The ParserCache class caches rendered output (HTML plus associated data) for the latest revision of a page. It serves as a semi-permanent store of a wiki's current content as seen by readers. The ParserCache supports varying keys based on options, and uses a two-tiered system to avoid unnecessary cache fragmentation.

Since MediaWiki version 1.36, it is possible to have multiple ParserCache instances side by side. This can be used in situations in which entirely different kinds of output need to be stored for each page, or the output varies on factors beyond what is covered by ParserOptions. One example for this is the FlaggedRevs extension which uses a separate ParserCache to store the rendered output of the "stable" revision of each page, rather than the current revision. Another example is migration to a different parser (such as Parsoid ), which makes it necessary for a while to have caches for the output of the new as well as of the old parser.

Different ParserCache instances are managed by the ParserCacheFactory which can be obtained from MediaWikiServices.

RevisionOutputCache[edit]

MediaWiki version:
1.36

The RevisionOutputCache class, introduced in MediaWiki version 1.36, implements caching for the rendered output of old revisions of a page. Like ParserCache, it supports varying keys based on options, but it uses a simpler system since it is not designed for long term persistence.

The intent of this cache is to protect against load spikes caused by certain old revisions being viewed by a large number of users, typically due to an external "deep" link to that revision.

As with ParserCache, instances of RevisionOutputCache are managed by the ParserCacheFactory .

Metadata and Payload Data[edit]

The primary content of the parser cache is rendered output (HTML) generated from the page content (typically wikitext). In addition, the ParserOutput in the cache contains the following kinds of information:

  • Cache meta-data: this includes information about which revision the output was generated for, when it was generated, and when it should expire. In addition, ParserOutput records which options were used when generating the output (that is, which options the output varies on).
  • Derived data: this includes information about links and dependencies, e.g. which pages does the output link to, which templates were used in its creation, which images are included on the page. This also includes any special scripts or style sheets required to display the page, as well as arbitrary "page properties" that are to be placed in the page_props table.
  • Extension data: extensions can attach arbitrary data to the ParserOutput object which will be cached along with the rendered output. This provides extensions with a way to pass information from code executed during parsing, to code executed during page display in a later request.

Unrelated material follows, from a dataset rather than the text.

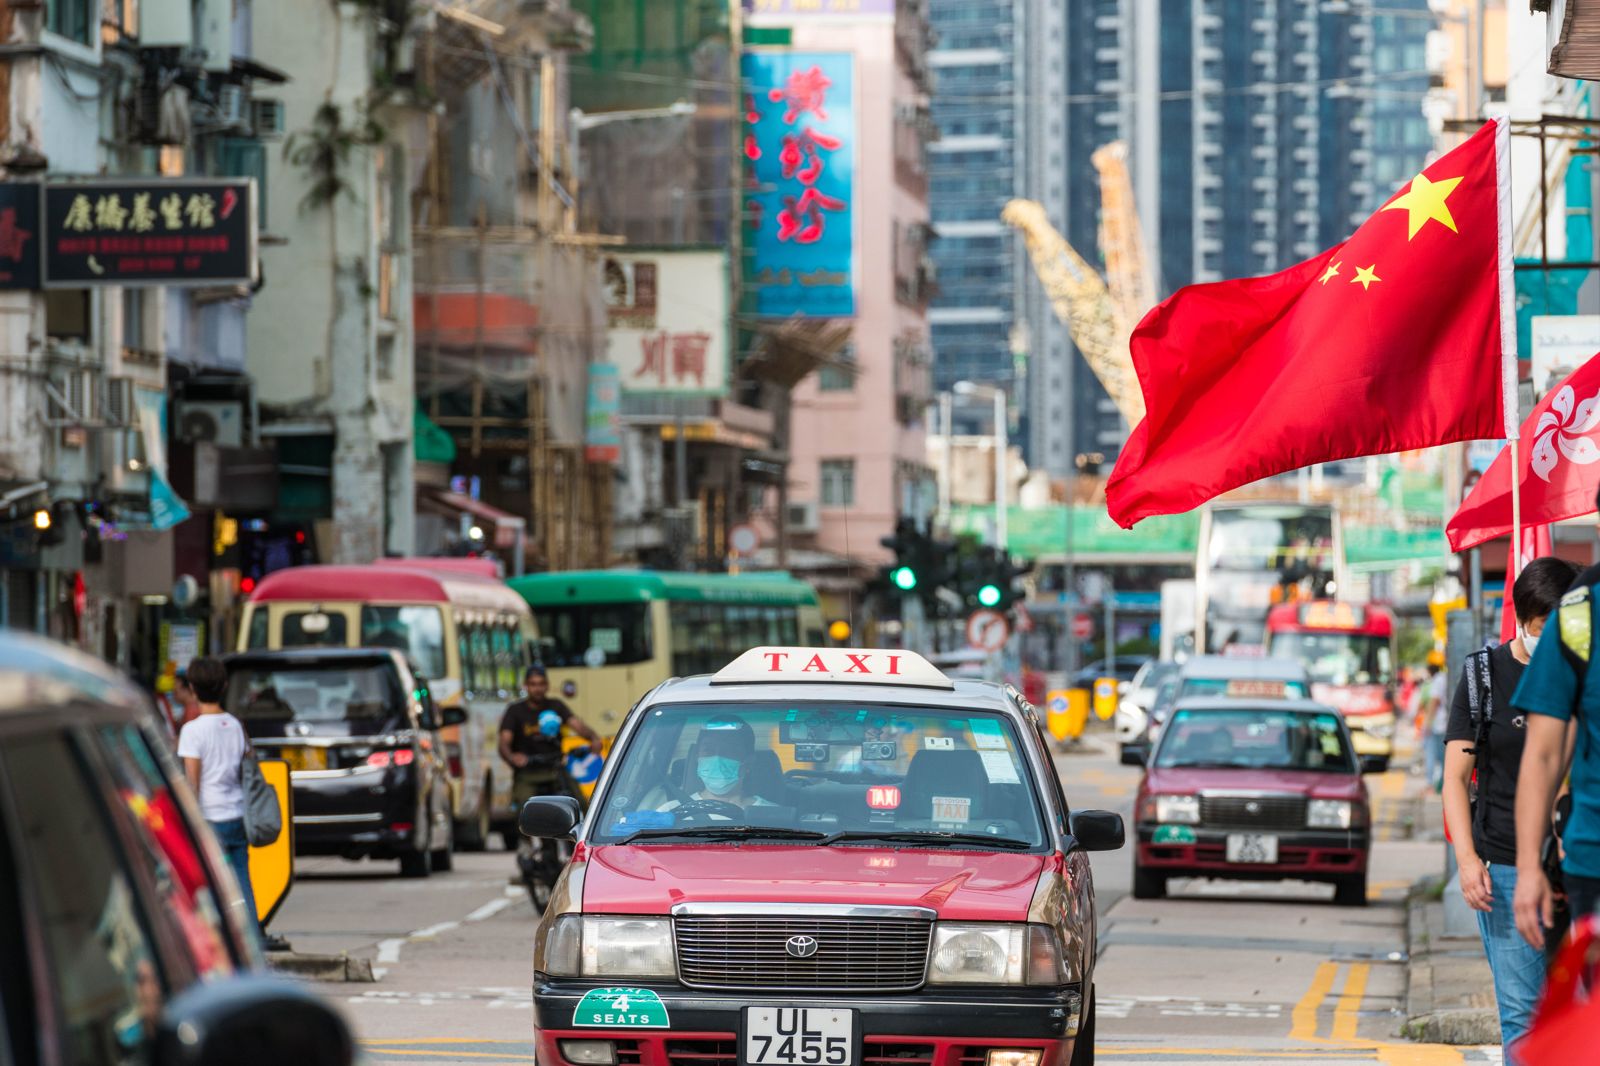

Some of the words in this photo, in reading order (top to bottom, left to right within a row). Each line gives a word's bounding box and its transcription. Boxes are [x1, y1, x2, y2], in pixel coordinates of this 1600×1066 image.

Since MediaWiki version 1.36, data stored in the parser cache is encoded as JSON. For this reason, only primitive data and objects implementing the JsonUnserializable interface can be stored in the cache using setExtensionData(). Earlier versions of MediaWiki relied on PHP's built-in serialization mechanism and allowed for arbitrary objects to be stored, at the cost of robustness and security (see phab:T161647).

Cache Structure and Key Space[edit]

The ParserCache class supports storing multiple ParserOutput objects for each page, based on the ParserOptions used when generating the output. To avoid duplicating cache entries by varying the cache key on options that were not actually used, a two-tiered system is employed:

The first tier is keyed by the page ID and stores a CacheTime object, which contains information about cache expiration and the list of options used during the parse of the page. For example, if only the dateformat and userlang options were accessed by the parser when producing output for the page, this fact will be stored in the metadata cache.

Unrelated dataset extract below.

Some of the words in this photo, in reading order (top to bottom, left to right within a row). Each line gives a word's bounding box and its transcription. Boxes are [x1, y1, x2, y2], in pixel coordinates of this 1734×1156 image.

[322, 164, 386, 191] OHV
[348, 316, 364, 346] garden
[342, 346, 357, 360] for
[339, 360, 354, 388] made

The second tier of the cache contains the actual ParserOutput objects. The key for the second tier is constructed from the page ID and values of any options that affected the output. Upon cache lookup, the list of used option names is retrieved from the first tier, and only the values of those options are used together with the page ID to produce a key, while the rest of the options are ignored. Following the example above where only the dateformat and userlang options affected the output for the page, the key may look something like page_id!dateformat=default:userlang=ru. Thus any cache lookup with dateformat=default and userlang=ru will hit the same cache entry regardless of the values of the rest of the options, since we know from the information in the first cache tier that they did not affect the output.

The RevisionOutputCache also varies cache keys based on parser options, but always considers all options. This simplifies the system and speeds up access, but may lead to fragmentation. This is acceptable since RevisionOutputCache entries generally have a low expiry time, making a large number of variants unlikely.

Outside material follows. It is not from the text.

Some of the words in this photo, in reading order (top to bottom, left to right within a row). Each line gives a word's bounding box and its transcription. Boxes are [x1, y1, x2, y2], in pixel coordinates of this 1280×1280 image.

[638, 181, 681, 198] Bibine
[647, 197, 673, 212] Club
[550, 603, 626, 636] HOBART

Population, Invalidation, Expiry, and Eviction[edit]

The main ParserCache instance serves as a semi-permanent store of a wiki's content as seen by readers. The default ("canonical") rendering of the page is generated immediately when the page is edited, or when any template or other dependency of the output changes (see LinksUpdate ). Output using different options is generated and cached on demand.

ParserCache uses a passive invalidation model based on timestamps: When the content of a page changes, a timestamp is updated in the database (specifically, the page_touched field in the page table). If a cached ParserOutput object is found to be older than this timestamp, it is considered outdated (dirty). Outdated content may still be served to the user depending on context.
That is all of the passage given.